Un gesto tan sencillo como limpiar la matrícula antes de viajar puede convertirse en una valiosa herramienta científica. Según un medio francés, se ha puesto en marcha en Francia una iniciativa que invita a los conductores a participar en un estudio sobre el declive de los insectos voladores utilizando sus desplazamientos habituales en coche.
El proyecto está impulsado por el Museo Nacional de Historia Natural de Francia, la Oficina Francesa de la Biodiversidad y varias asociaciones. Su objetivo es recopilar miles de trayectos entre abril y septiembre de 2026, aprovechando millones de desplazamientos diarios por carreteras urbanas, secundarias y autopistas, para obtener un indicador nacional fiable sobre la abundancia de insectos voladores.
¿Cómo funciona el experimento?
Participar es muy fácil. Antes de iniciar el viaje, el conductor debe limpiar la matrícula delantera del vehículo. Al llegar al destino, solo tiene que hacer una fotografía de la placa y enviarla mediante la aplicación Bugs Matter.
A través del análisis de imagen y de los datos del recorrido, los investigadores pueden calcular cuántos insectos han impactado contra el vehículo durante ese trayecto. Cuanto más usuarios participen y más repartidos estén los trayectos en el tiempo, más precisa y útil será la información obtenida.
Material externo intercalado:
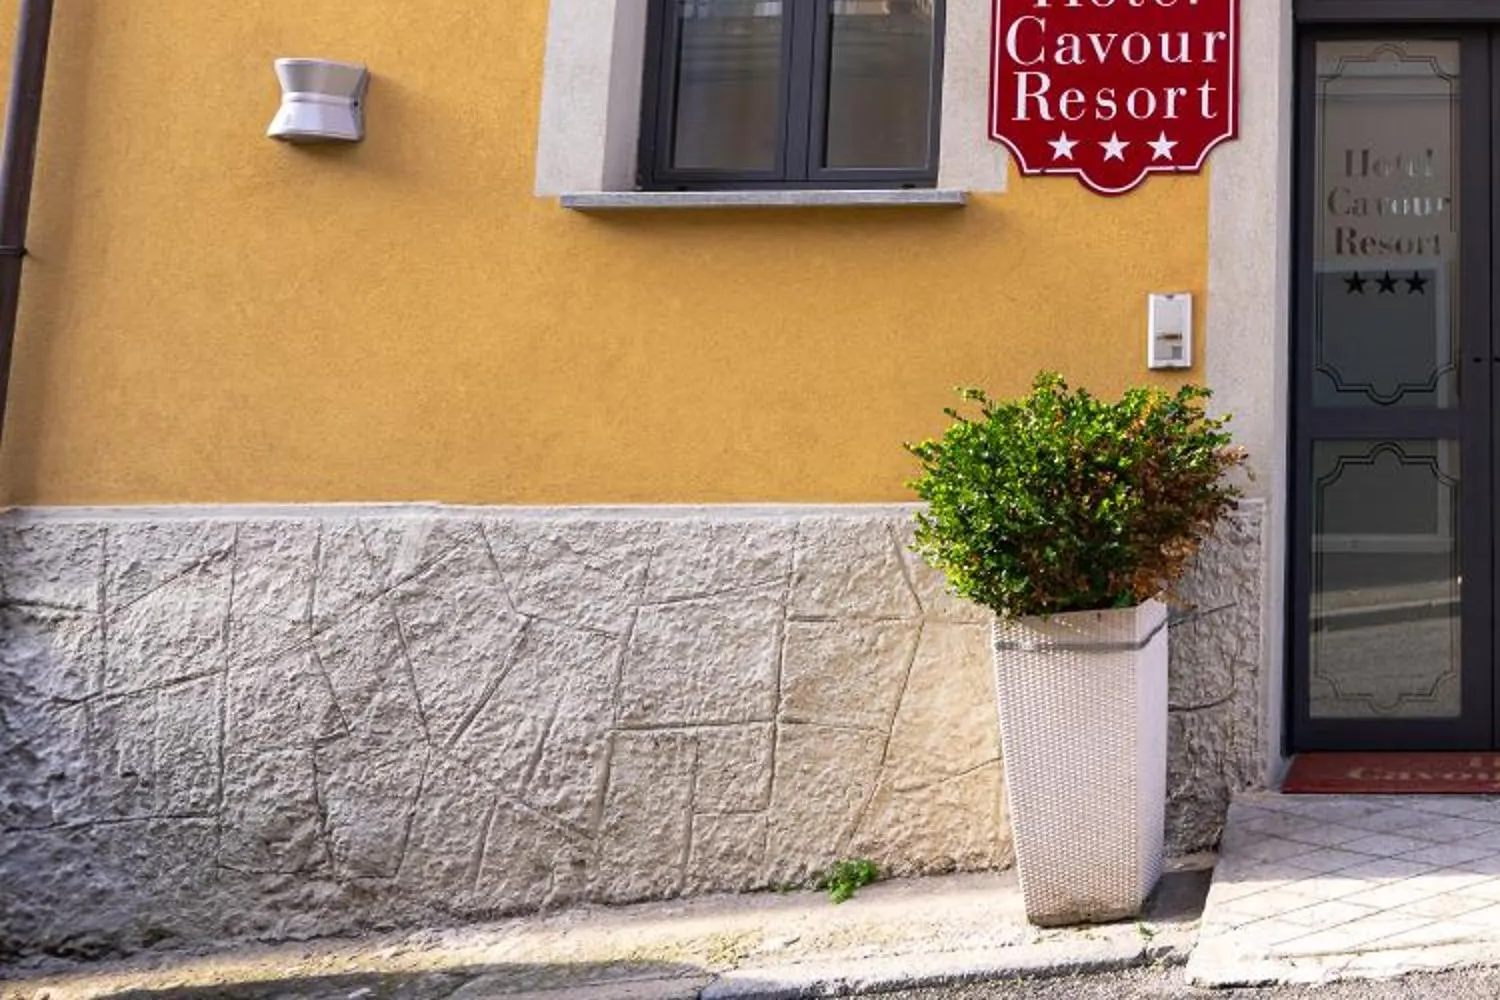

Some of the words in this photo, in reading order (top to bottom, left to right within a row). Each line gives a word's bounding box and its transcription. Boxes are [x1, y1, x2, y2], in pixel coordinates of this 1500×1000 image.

[1005, 15, 1228, 67] Cavour
[1011, 71, 1218, 122] Resort
[1335, 227, 1441, 256] Resort
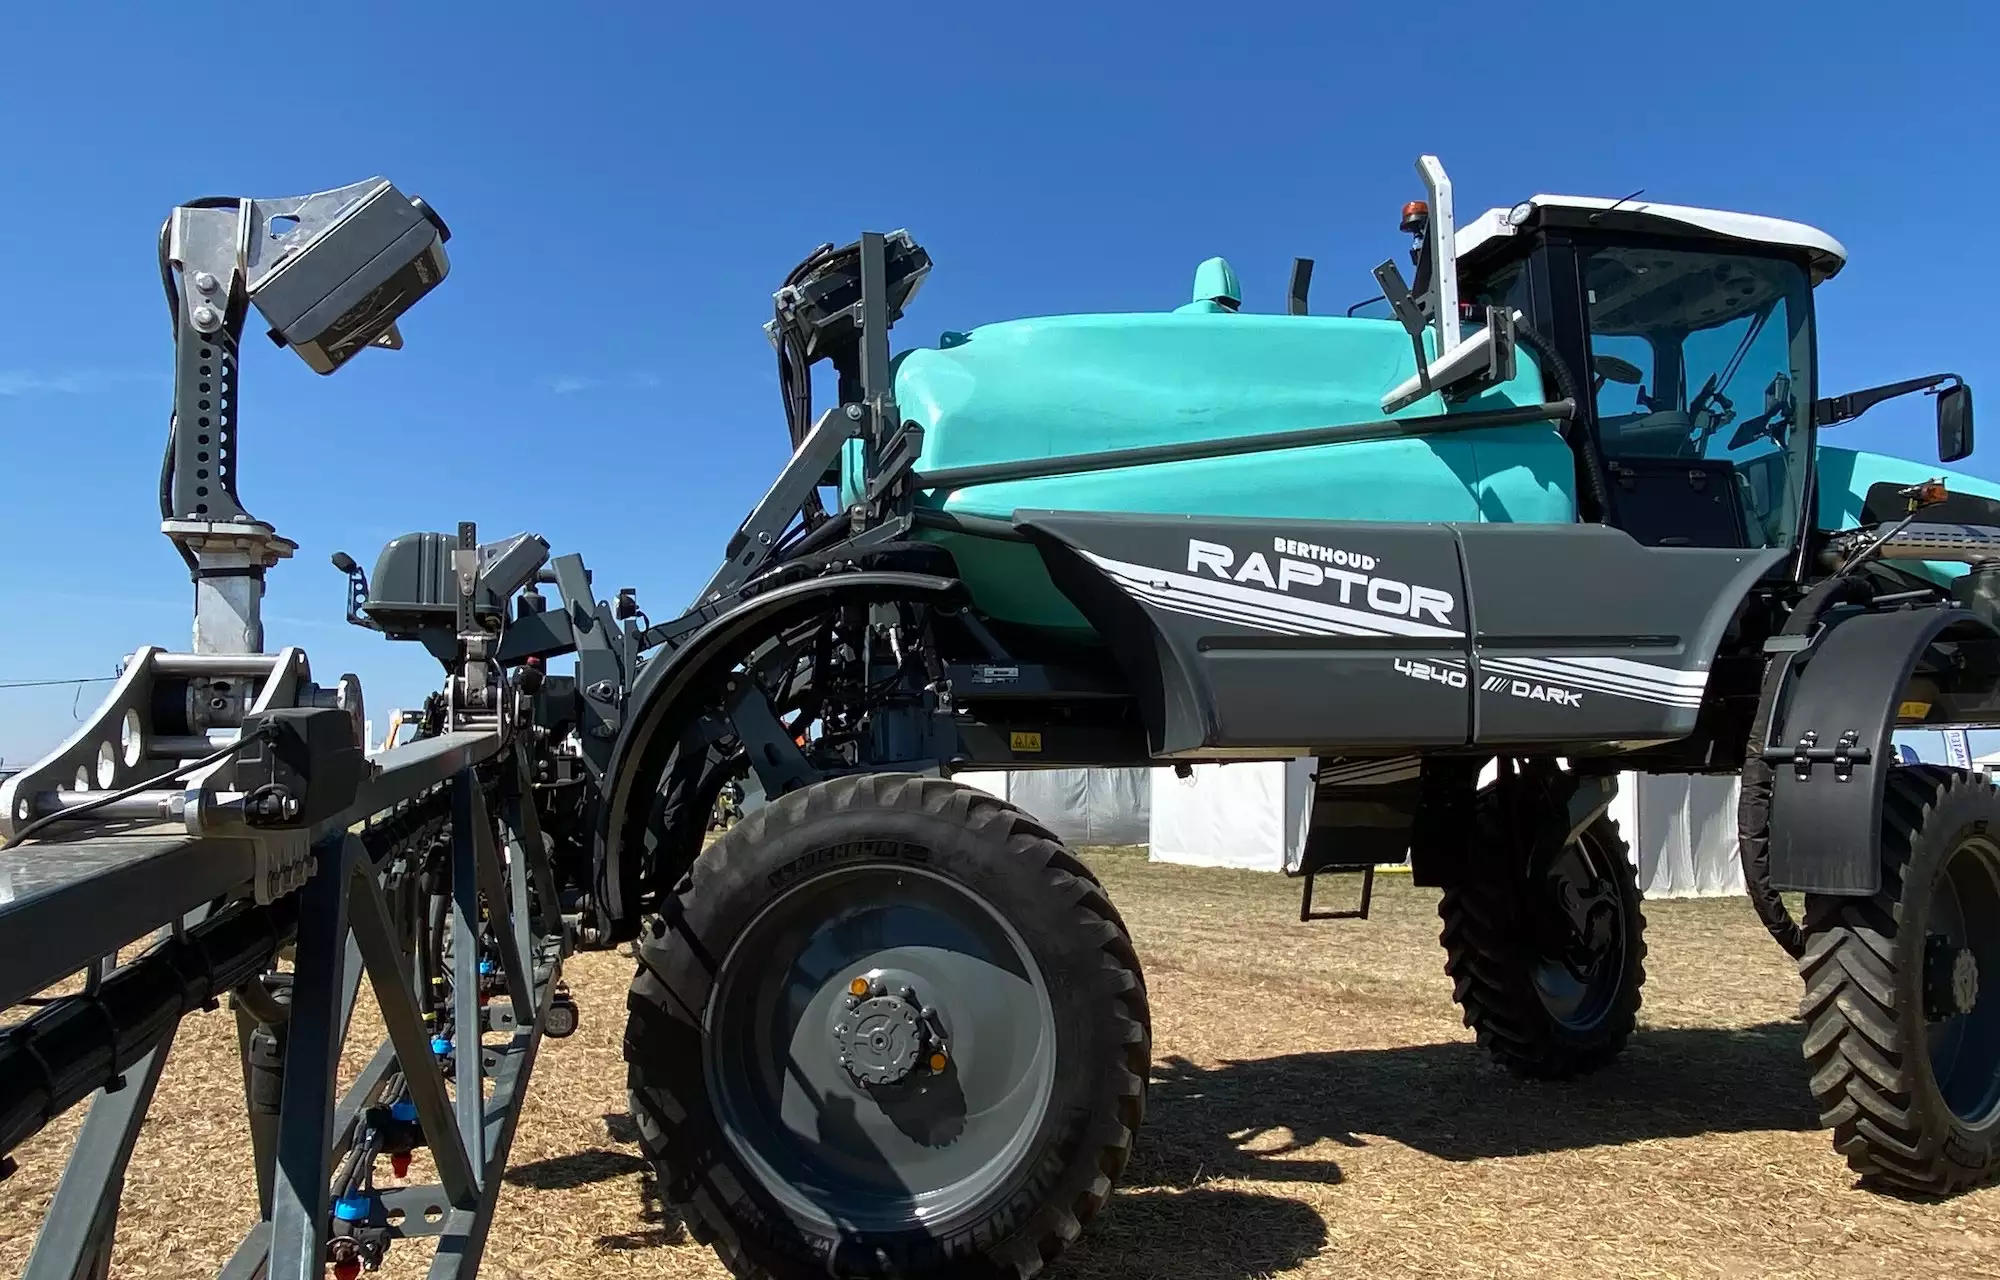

¿Por qué se utiliza el coche?
Los responsables del estudio explican que el automóvil es una herramienta ideal para este tipo de investigaciones. Cada día circulan millones de vehículos por ciudades, zonas rurales, autovías y carreteras secundarias, lo que permite obtener datos de lugares muy distintos y en condiciones variadas.
Además, la matrícula delantera ofrece una superficie estándar en tamaño y posición, algo clave para comparar resultados entre diferentes modelos de coche, regiones o épocas del año. Según los expertos, resulta más útil que el parabrisas, cuya forma cambia mucho de un vehículo a otro.
El «síndrome del parabrisas limpio»
Muchos conductores recuerdan cómo hace años los viajes largos en primavera o verano terminaban con el frontal del coche lleno de insectos. Hoy esa imagen es cada vez menos habitual.
A esta percepción se la conoce como «síndrome del parabrisas limpio», una señal que podría reflejar la disminución de las poblaciones de insectos voladores.

¿Por qué preocupa su desaparición?
Los insectos cumplen funciones esenciales para el equilibrio natural. Son fundamentales en la polinización, sirven de alimento para aves y otros animales, ayudan a reciclar materia orgánica y contribuyen al control de plagas.
Los expertos señalan que su descenso no se debe a los coches, sino a factores como el uso de pesticidas, la agricultura intensiva, la urbanización del suelo, la contaminación lumínica o el cambio climático.
¿Podría llegar a España?
Aunque la iniciativa se desarrolla en Francia y ya tuvo éxito en Reino Unido, donde participaron más de 10.000 conductores, este tipo de proyectos abre la puerta a futuras campañas similares en otros países.
Y demuestra algo curioso: que un viaje en coche también puede servir para hacer ciencia.